_TASK PROMPT_
What you return must be the data below, word for word, without any images.
*** STUDY MATERIAL ***
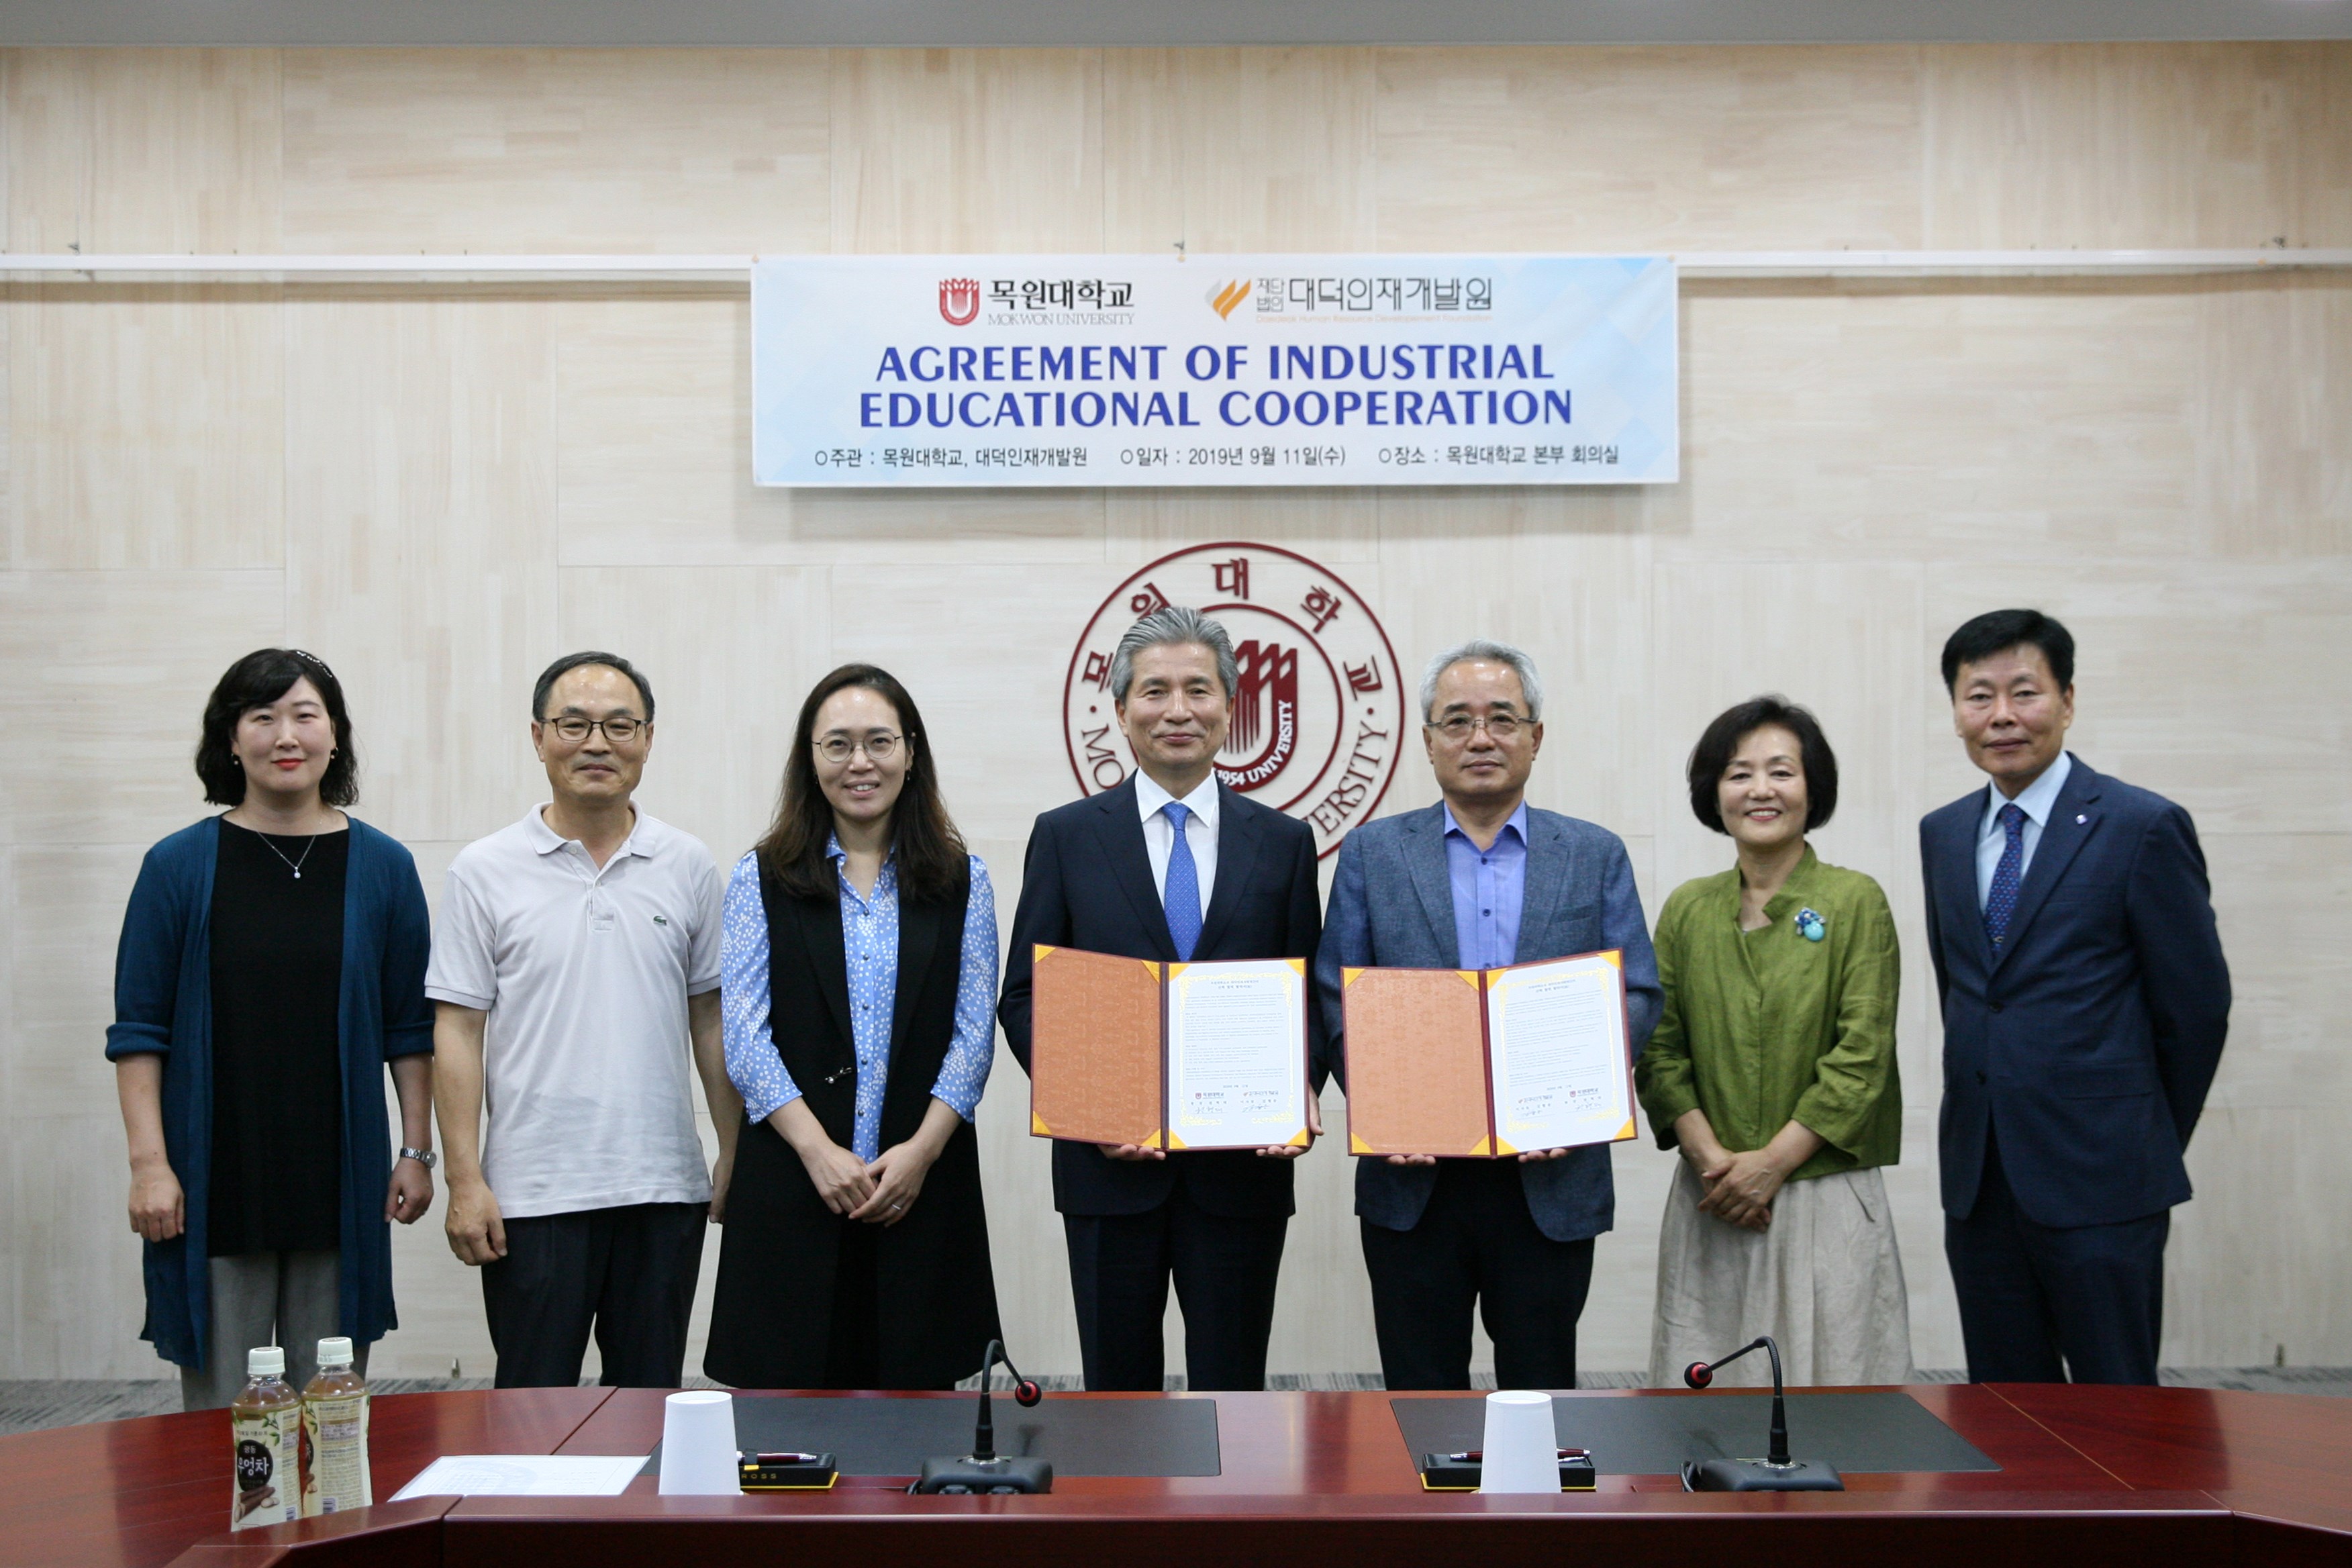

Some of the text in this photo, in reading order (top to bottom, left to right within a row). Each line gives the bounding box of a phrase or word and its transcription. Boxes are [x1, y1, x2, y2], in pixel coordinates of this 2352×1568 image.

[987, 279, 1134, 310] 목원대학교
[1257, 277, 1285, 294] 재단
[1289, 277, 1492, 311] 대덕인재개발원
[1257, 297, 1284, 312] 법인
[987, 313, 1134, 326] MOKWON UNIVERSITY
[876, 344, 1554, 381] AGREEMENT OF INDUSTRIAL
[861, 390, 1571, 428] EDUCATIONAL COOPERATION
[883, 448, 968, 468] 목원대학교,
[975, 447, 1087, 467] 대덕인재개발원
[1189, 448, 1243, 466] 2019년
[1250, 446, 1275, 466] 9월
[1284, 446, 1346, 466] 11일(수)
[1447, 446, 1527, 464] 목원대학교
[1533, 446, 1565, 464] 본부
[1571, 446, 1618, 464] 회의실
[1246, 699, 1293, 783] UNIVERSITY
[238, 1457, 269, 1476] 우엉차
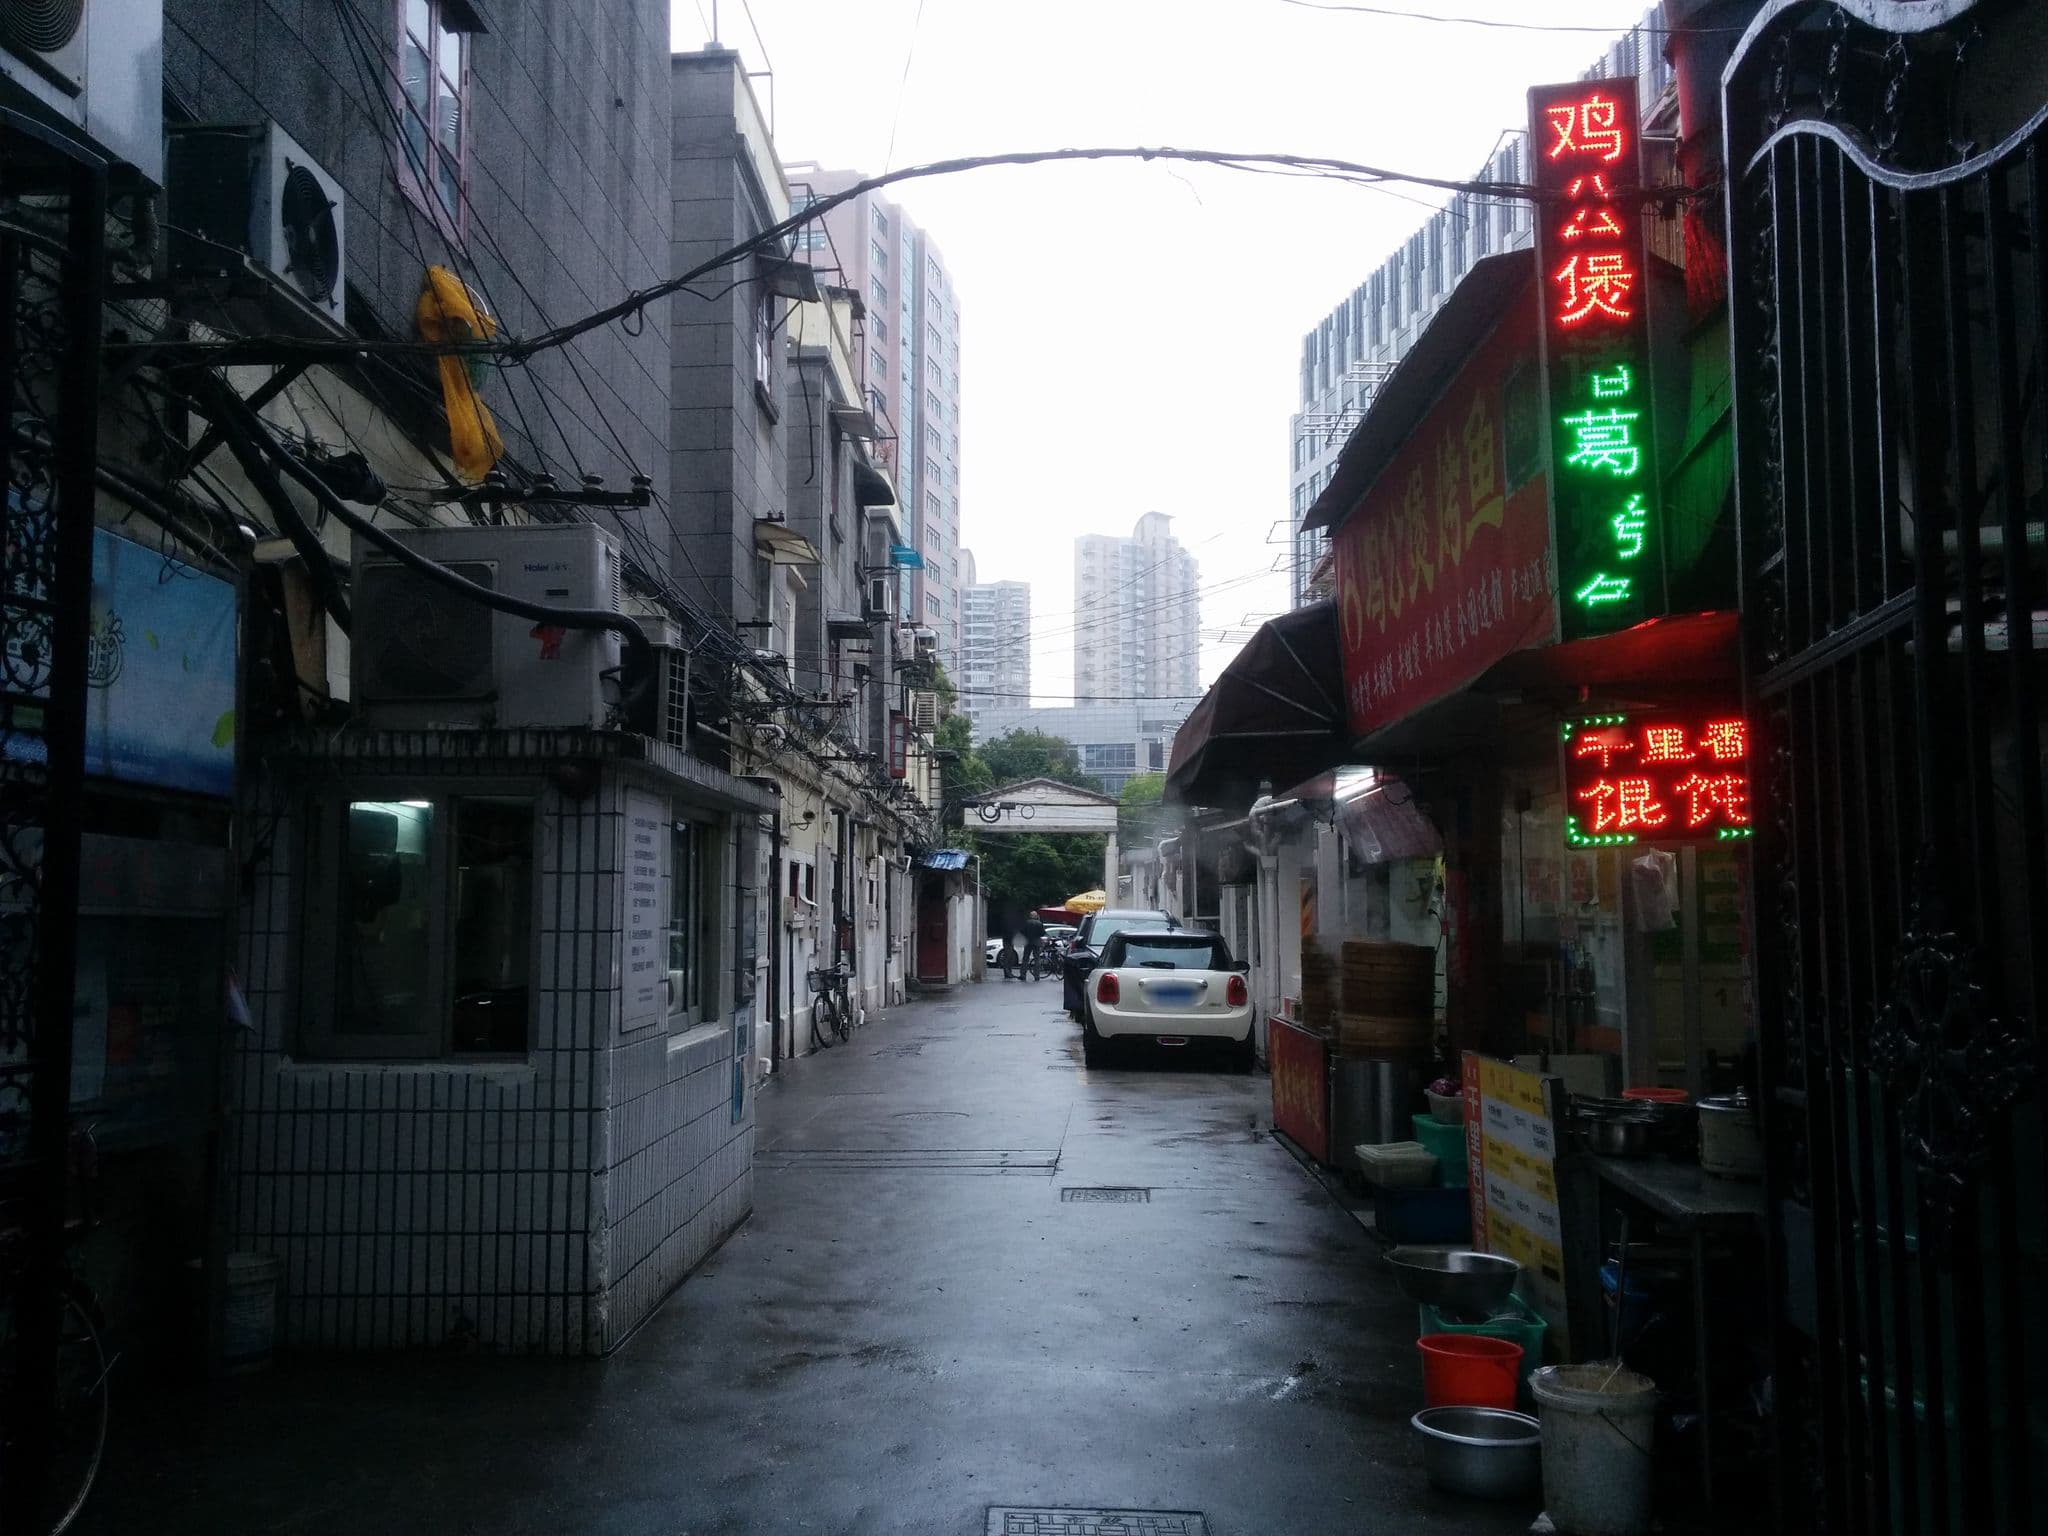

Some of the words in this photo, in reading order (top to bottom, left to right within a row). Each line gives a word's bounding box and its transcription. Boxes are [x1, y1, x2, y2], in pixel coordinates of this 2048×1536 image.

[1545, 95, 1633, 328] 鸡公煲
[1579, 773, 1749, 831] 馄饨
*** End of STUDY MATERIAL ***
_EXERCISE RESPONSE_
Some of the text in this photo, in reading order (top to bottom, left to right within a row). Each line gives the bounding box of a phrase or word and its transcription. Boxes are [x1, y1, x2, y2], in pixel coordinates of this 2352×1568 image.

[987, 279, 1134, 310] 목원대학교
[1257, 277, 1285, 294] 재단
[1289, 277, 1492, 311] 대덕인재개발원
[1257, 297, 1284, 312] 법인
[987, 313, 1134, 326] MOKWON UNIVERSITY
[876, 344, 1554, 381] AGREEMENT OF INDUSTRIAL
[861, 390, 1571, 428] EDUCATIONAL COOPERATION
[883, 448, 968, 468] 목원대학교,
[975, 447, 1087, 467] 대덕인재개발원
[1189, 448, 1243, 466] 2019년
[1250, 446, 1275, 466] 9월
[1284, 446, 1346, 466] 11일(수)
[1447, 446, 1527, 464] 목원대학교
[1533, 446, 1565, 464] 본부
[1571, 446, 1618, 464] 회의실
[1246, 699, 1293, 783] UNIVERSITY
[238, 1457, 269, 1476] 우엉차

Some of the words in this photo, in reading order (top to bottom, left to right within a row). Each line gives a word's bounding box and its transcription. Boxes are [x1, y1, x2, y2], in pixel coordinates of this 2048×1536 image.

[1545, 95, 1633, 328] 鸡公煲
[1579, 773, 1749, 831] 馄饨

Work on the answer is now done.